┌─ SOURCE DATA
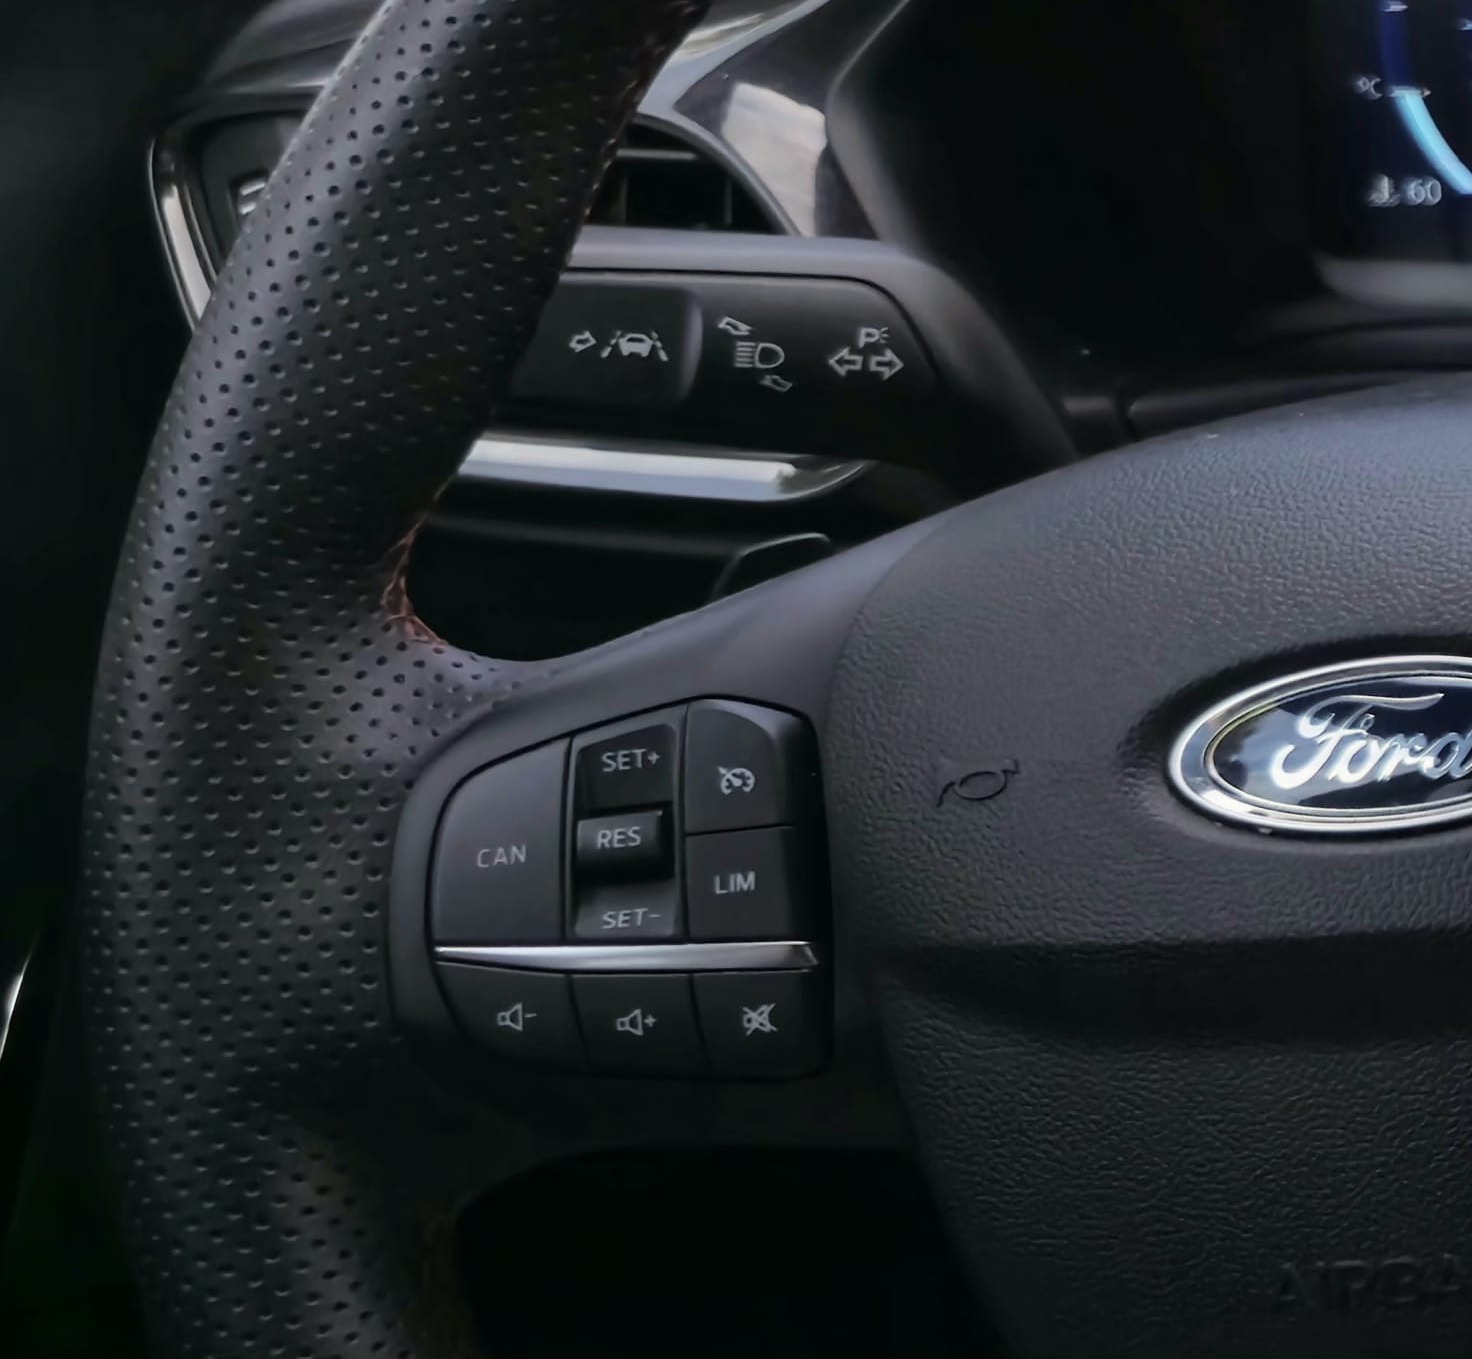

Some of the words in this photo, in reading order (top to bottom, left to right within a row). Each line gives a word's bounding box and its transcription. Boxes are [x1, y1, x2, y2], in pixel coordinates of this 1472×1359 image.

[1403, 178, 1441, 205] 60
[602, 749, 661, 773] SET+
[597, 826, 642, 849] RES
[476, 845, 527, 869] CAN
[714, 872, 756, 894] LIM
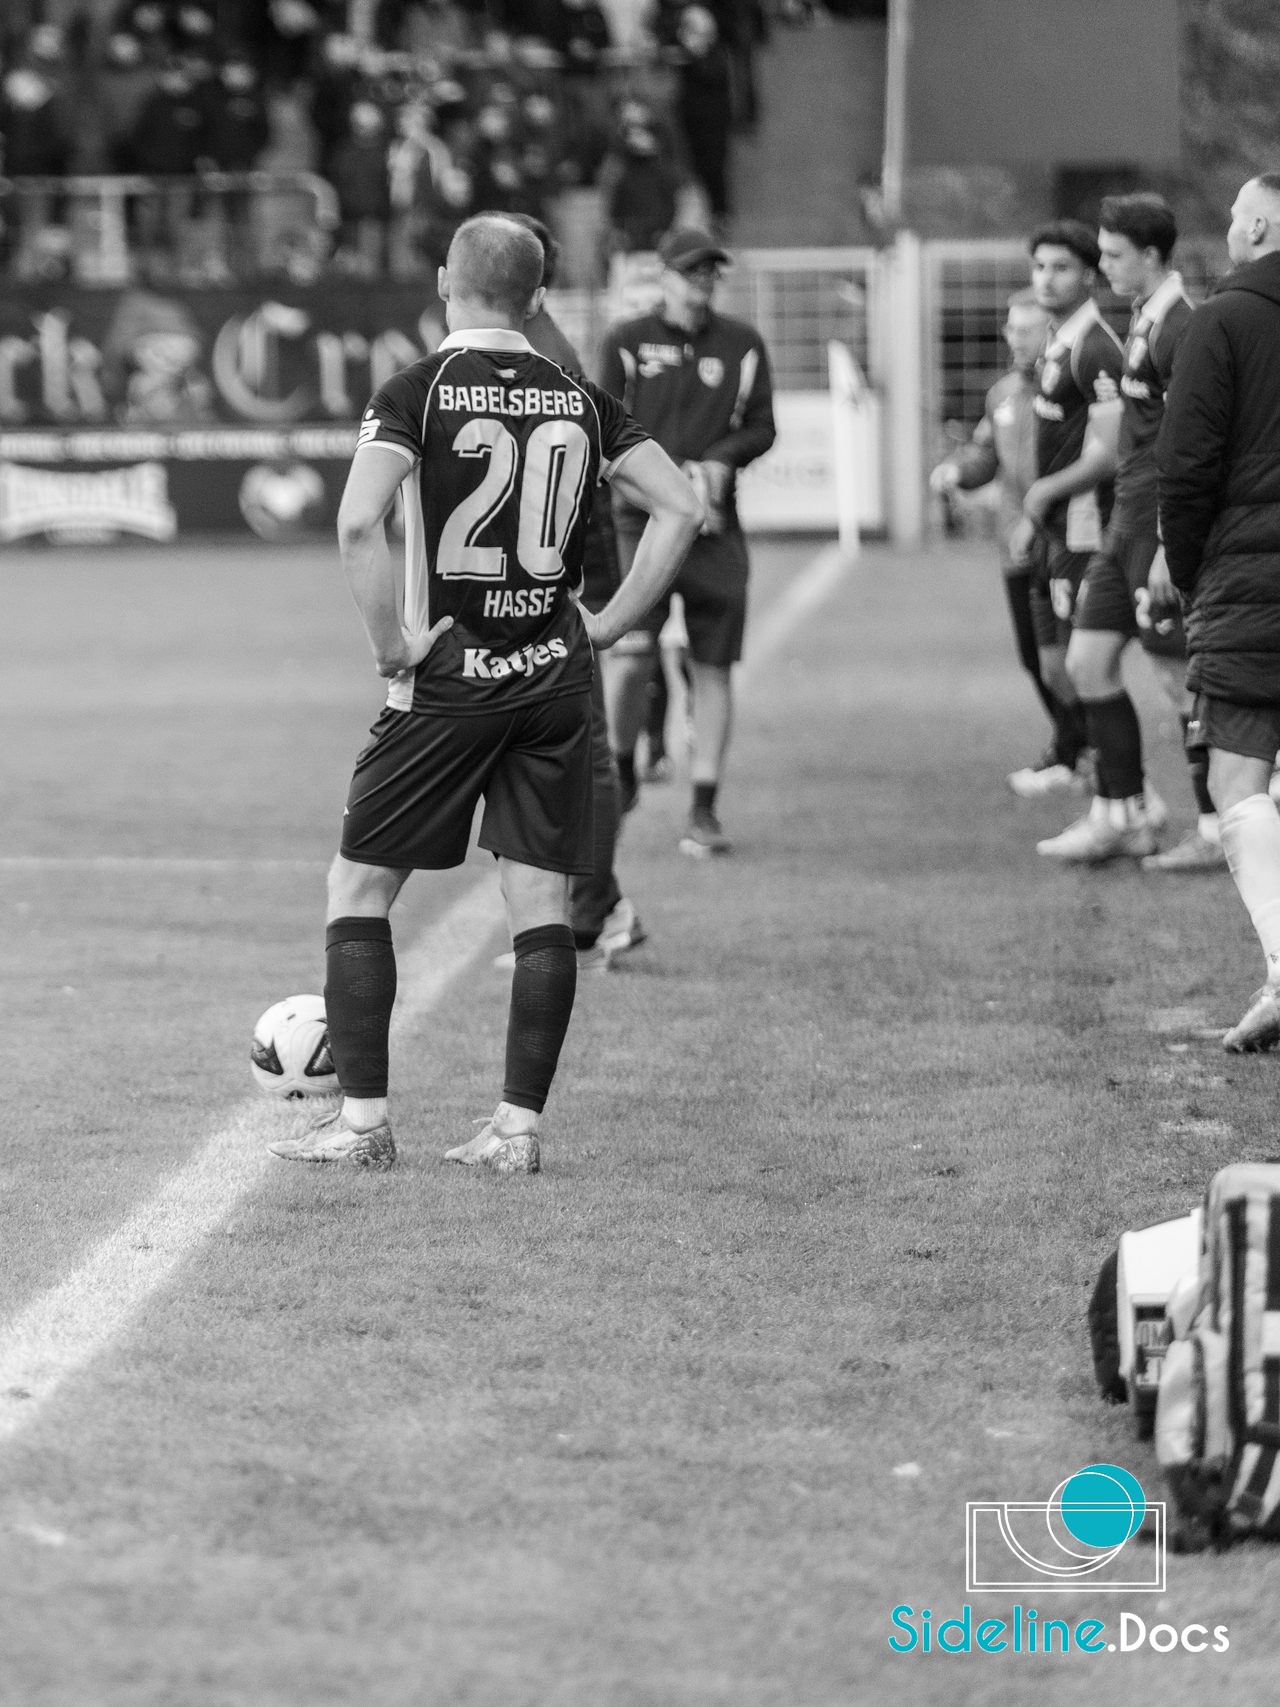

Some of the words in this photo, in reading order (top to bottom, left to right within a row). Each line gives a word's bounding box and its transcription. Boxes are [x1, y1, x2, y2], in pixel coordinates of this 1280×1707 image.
└─
┌─ SOURCE DATA
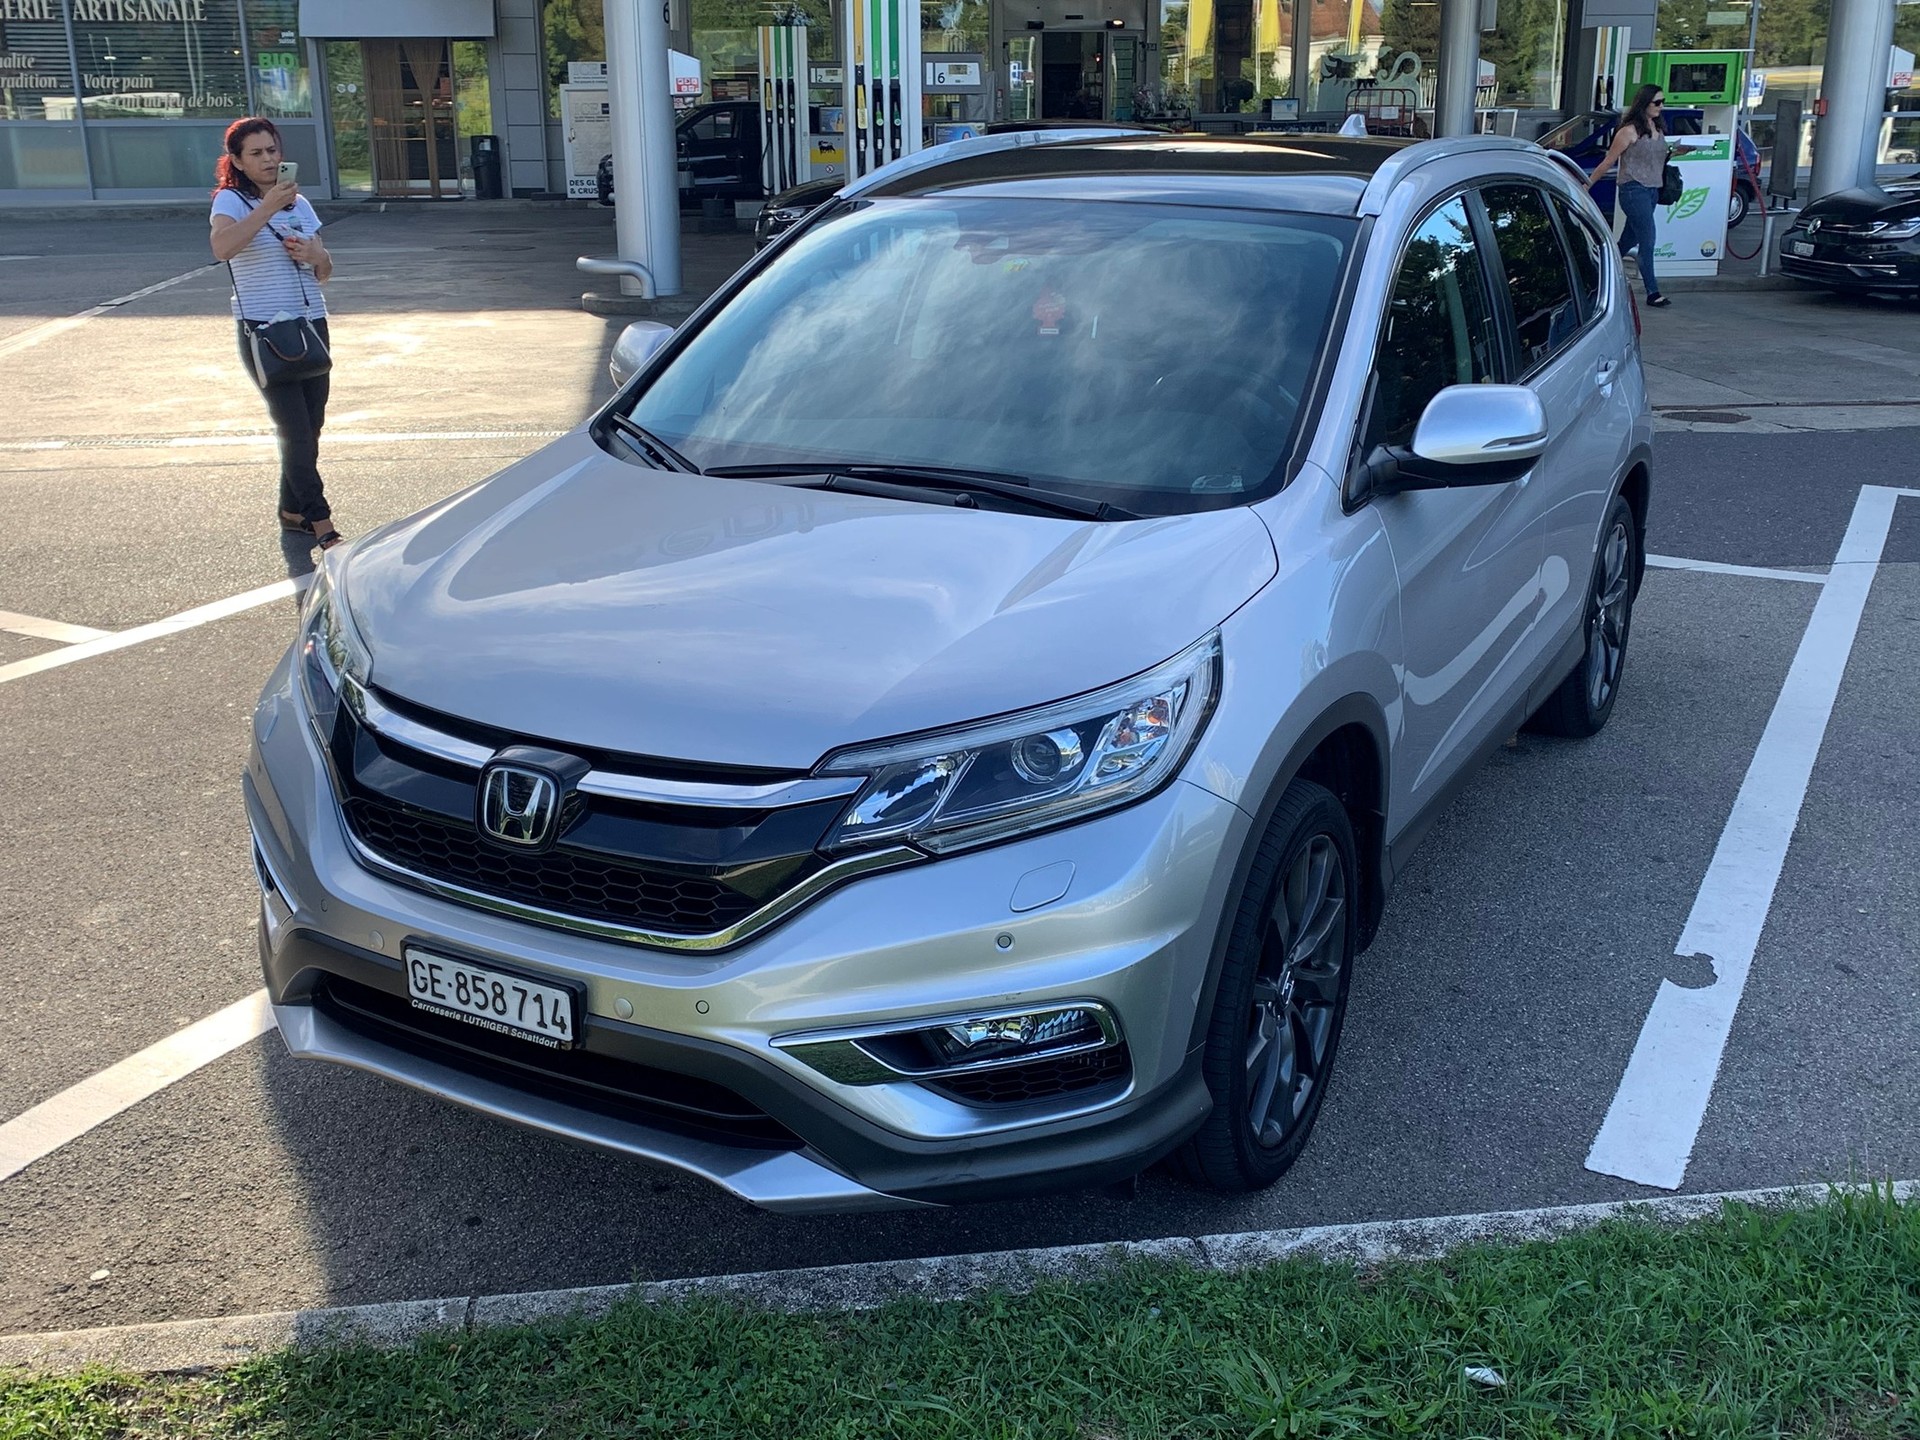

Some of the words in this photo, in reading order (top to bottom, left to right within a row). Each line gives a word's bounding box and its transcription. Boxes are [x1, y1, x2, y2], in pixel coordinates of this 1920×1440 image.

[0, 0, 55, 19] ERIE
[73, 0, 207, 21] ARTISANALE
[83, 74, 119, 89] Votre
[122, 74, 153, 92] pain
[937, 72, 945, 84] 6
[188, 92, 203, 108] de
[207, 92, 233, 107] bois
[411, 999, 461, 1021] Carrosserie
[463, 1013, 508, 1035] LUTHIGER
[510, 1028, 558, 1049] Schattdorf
└─
| TASK PROMPT |
Lines from the one above containing "this 1472×1359 image." down to the one containing "this 1280×1707 image." should be transcribed exactly, with both ends kept and no pictures.

| ANSWER TO THIS EXERCISE |
Some of the words in this photo, in reading order (top to bottom, left to right within a row). Each line gives a word's bounding box and its transcription. Boxes are [x1, y1, x2, y2], in pixel coordinates of this 1472×1359 image.

[1403, 178, 1441, 205] 60
[602, 749, 661, 773] SET+
[597, 826, 642, 849] RES
[476, 845, 527, 869] CAN
[714, 872, 756, 894] LIM

Some of the words in this photo, in reading order (top to bottom, left to right within a row). Each line gives a word's bounding box and its transcription. Boxes are [x1, y1, x2, y2], in pixel coordinates of this 1280×1707 image.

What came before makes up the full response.